B. According to the reasoning of the judgment below, with respect to the traffic accident of this case between the insured vehicle (hereinafter “Plaintiff”) and the Defendant’s beneficiary, the Plaintiff paid KRW 24,924,280 as insurance money to the Nonparty, who is the driver of the Plaintiff’s vehicle, and KRW 20,545,770 as insurance money, and received KRW 11,775,680 as mutual-aid money from the Defendant.

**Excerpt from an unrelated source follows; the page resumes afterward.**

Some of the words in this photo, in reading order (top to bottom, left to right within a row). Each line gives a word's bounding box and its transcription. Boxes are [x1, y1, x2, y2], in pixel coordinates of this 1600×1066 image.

In light of the records, it is difficult to find any material that can specifically identify the nature of the insurance money that the Plaintiff paid to the Nonparty, the existence or content of the insurer subrogation agreement between the Plaintiff and the Nonparty, and in light of the above facts, it is sufficient to conclude that the Plaintiff and the Nonparty compensates the Nonparty for the damage when the Nonparty, the insured, suffered the injury caused by the traffic accident of the Plaintiff, and in light of the above legal principles, it is sufficient to view that the Plaintiff paid the Nonparty the insurance money to obtain the right of the Nonparty’s third party.

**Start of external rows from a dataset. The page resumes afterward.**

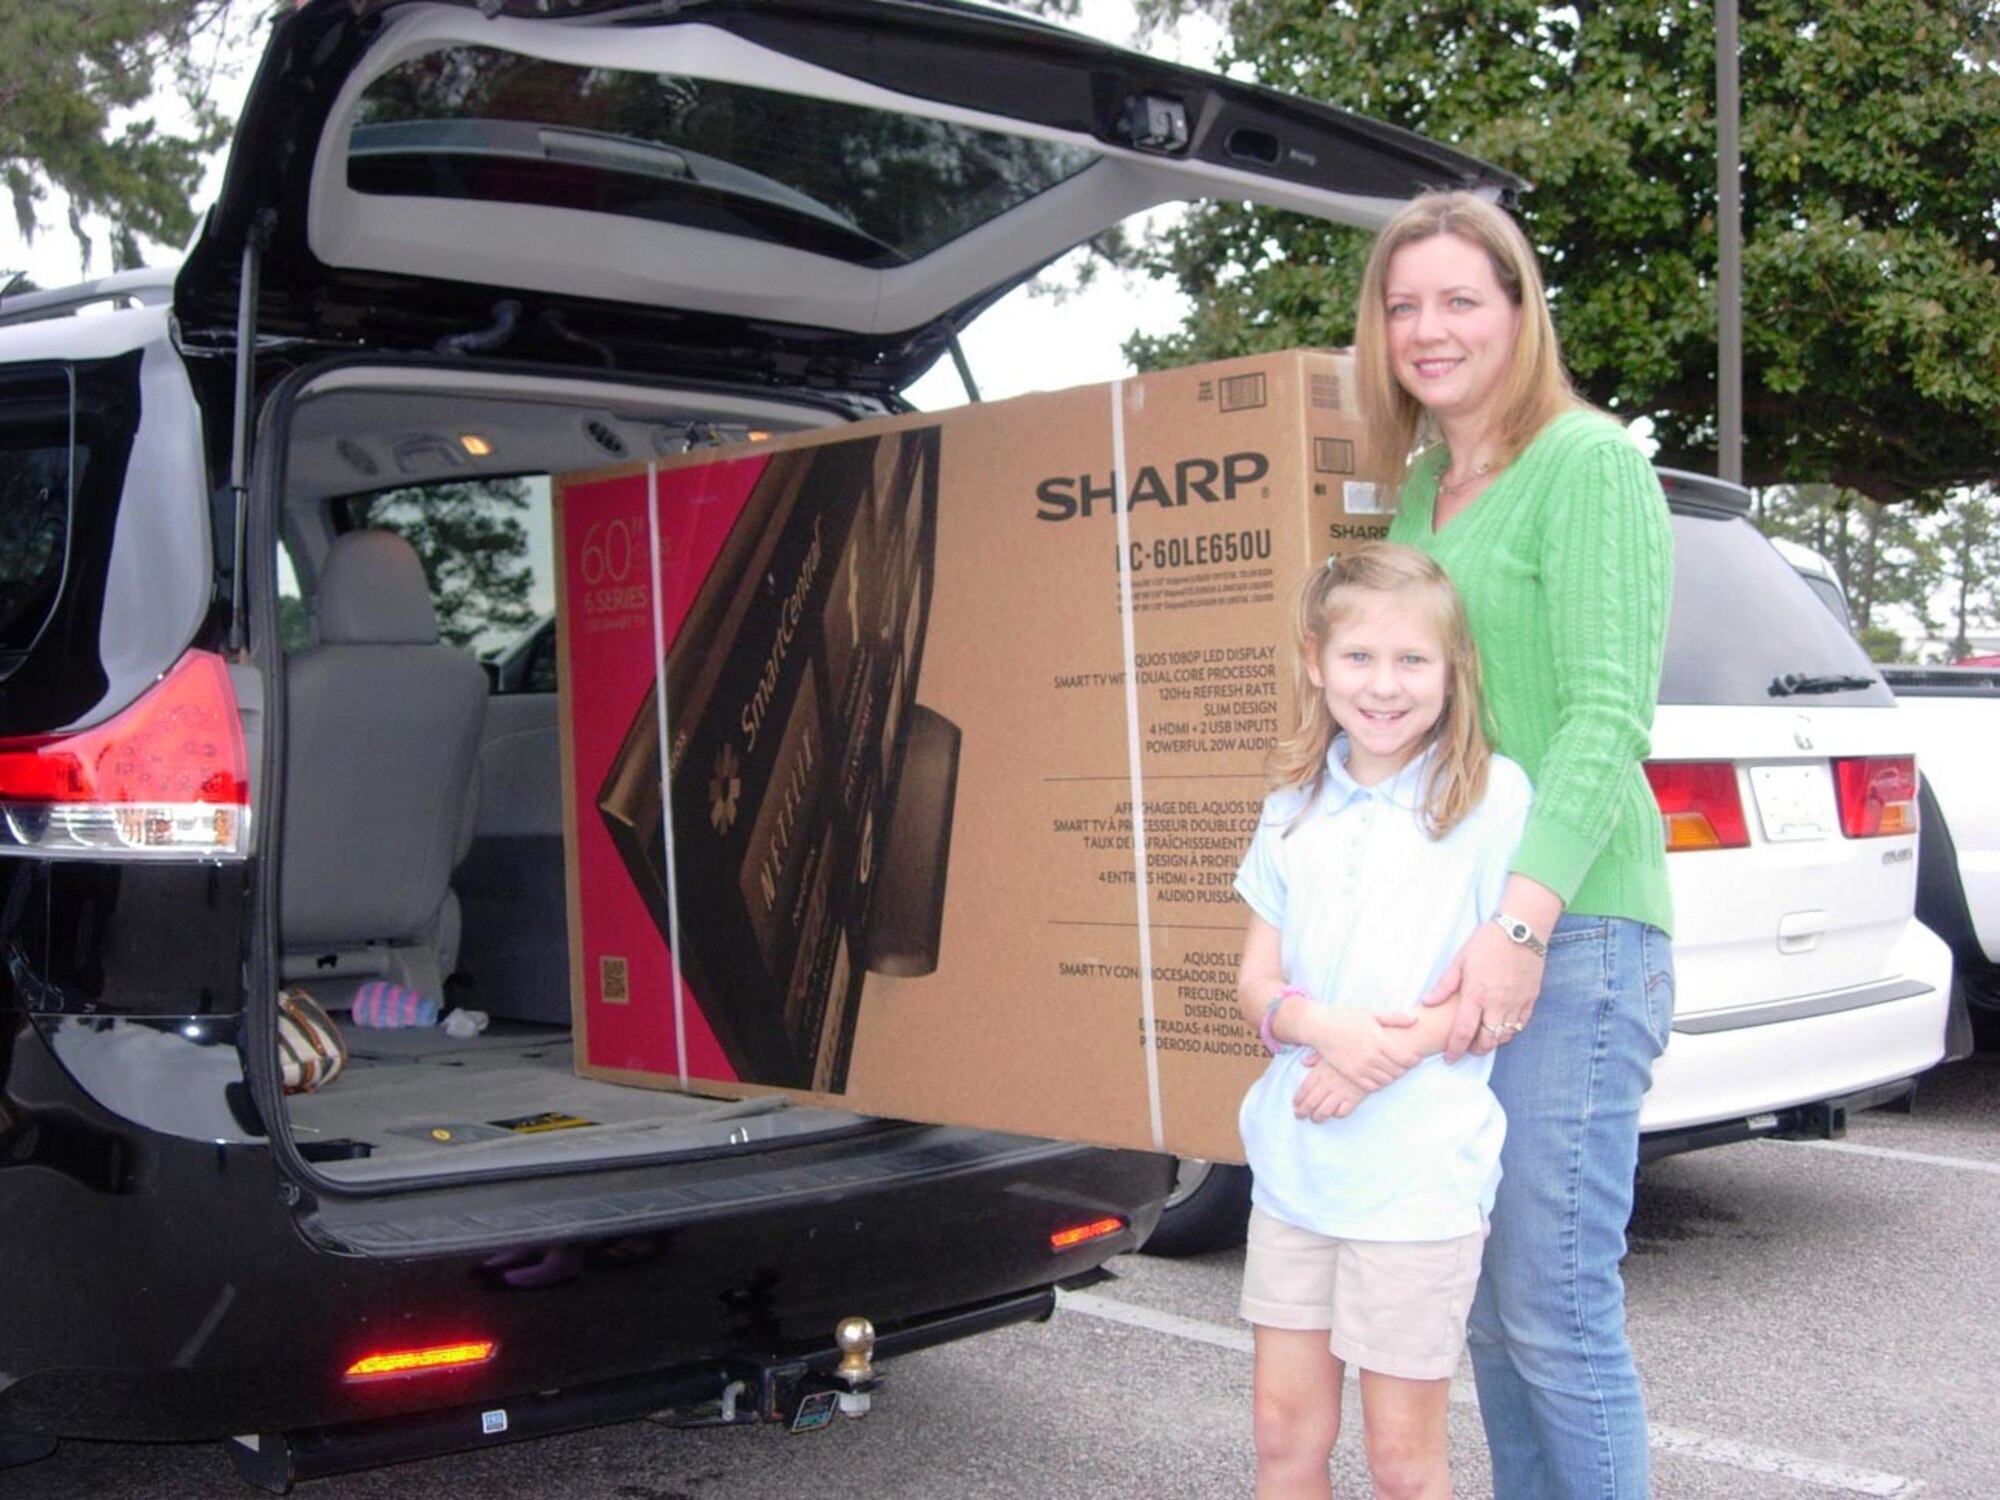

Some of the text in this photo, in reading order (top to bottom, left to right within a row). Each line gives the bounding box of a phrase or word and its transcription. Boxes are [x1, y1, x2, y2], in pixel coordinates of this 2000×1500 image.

[1036, 452, 1270, 521] SHARP
[1330, 523, 1389, 540] SHARP
[741, 514, 823, 752] SmartCentral
[1169, 650, 1201, 664] 1080P
[1203, 649, 1224, 663] LED
[1227, 646, 1276, 662] DISPLAY
[1054, 674, 1090, 688] SMART
[1093, 673, 1108, 687] TV
[1141, 669, 1172, 685] DUAL
[1174, 667, 1205, 682] CORE
[1208, 665, 1276, 680] PROCESSOR
[1159, 683, 1277, 700] 120Hz REFRESH RATE
[1204, 701, 1277, 717] SLIM DESIGN
[1150, 724, 1156, 735] 4
[1159, 722, 1189, 735] HDMI
[1200, 721, 1207, 734] 2
[1209, 720, 1232, 734] USB
[1234, 719, 1278, 732] INPUTS
[1146, 737, 1279, 753] POWERFUL 20W AUDIO
[1179, 801, 1200, 814] DEL
[1202, 801, 1244, 815] AQUOS
[760, 732, 816, 912] NETFLIX
[1054, 819, 1092, 832] SMART
[1093, 819, 1107, 832] TV
[1118, 819, 1189, 832] PRCESSEUR
[1190, 818, 1238, 832] DOUBLE
[1239, 819, 1260, 832] CO
[1084, 836, 1114, 849] TAUX
[1116, 836, 1131, 849] DE
[1147, 854, 1189, 867] DESIGN
[1201, 854, 1241, 867] PROFIL
[1098, 872, 1105, 883] 4
[1156, 872, 1188, 885] HDMI
[1198, 872, 1205, 885] 2
[1157, 889, 1196, 903] AUDIO
[1183, 953, 1225, 967] AQUOS
[1059, 963, 1097, 976] SMART
[1098, 964, 1113, 977] TV
[1114, 965, 1138, 979] CON
[1178, 986, 1239, 1002] FRECUENC
[1184, 1002, 1228, 1019] DISEÑO
[1138, 1017, 1201, 1034] ETRADAS:
[1203, 1024, 1210, 1034] 4
[1212, 1023, 1244, 1038] HDMI
[1139, 1036, 1201, 1053] PDEROSO
[1203, 1040, 1243, 1055] AUDIO
[1244, 1043, 1260, 1058] DE

Therefore, the court below should first grasp the nature of the insurance money that the plaintiff paid to the non-party, the existence or content of the subrogation agreement between the plaintiff and the non-party, and then examine where the degree of injury of the non-party falls under the category of [Attached Table 1] under Article 3(1)2 of the Enforcement Decree of the Guarantee of Automobile Accident Compensation Act, determine the scope of the liability mutual aid amount, and examine where the amount of damage calculated by deducting the amount equivalent to the ratio of the non-party's fault reaches the amount of the medical expenses calculated based on the medical fee standard for automobile accident insurance, and take measures such as recognizing the amount equivalent to the medical expenses as the amount of the liability mutual aid amount

Nevertheless, the court below held that the proviso of Article 3 (1) 2 of the Enforcement Decree of the Guarantee of Automobile Accident Compensation Act shall not apply in cases where the insurer who paid the insurance money to the victim instead of the victim of the instant traffic accident, claims the amount of indemnity on behalf of the victim who is the insured. In so doing, the court below erred by misapprehending the legal principles on the interpretation of the proviso of Article 3 (1) 2 of the Enforcement Decree of the Guarantee of Automobile Accident Compensation

3. Conclusion

Therefore, the lower judgment is reversed, and the case is remanded to the lower court for further proceedings consistent with this Opinion. It is so decided as per Disposition by the assent of all participating Justices on the bench.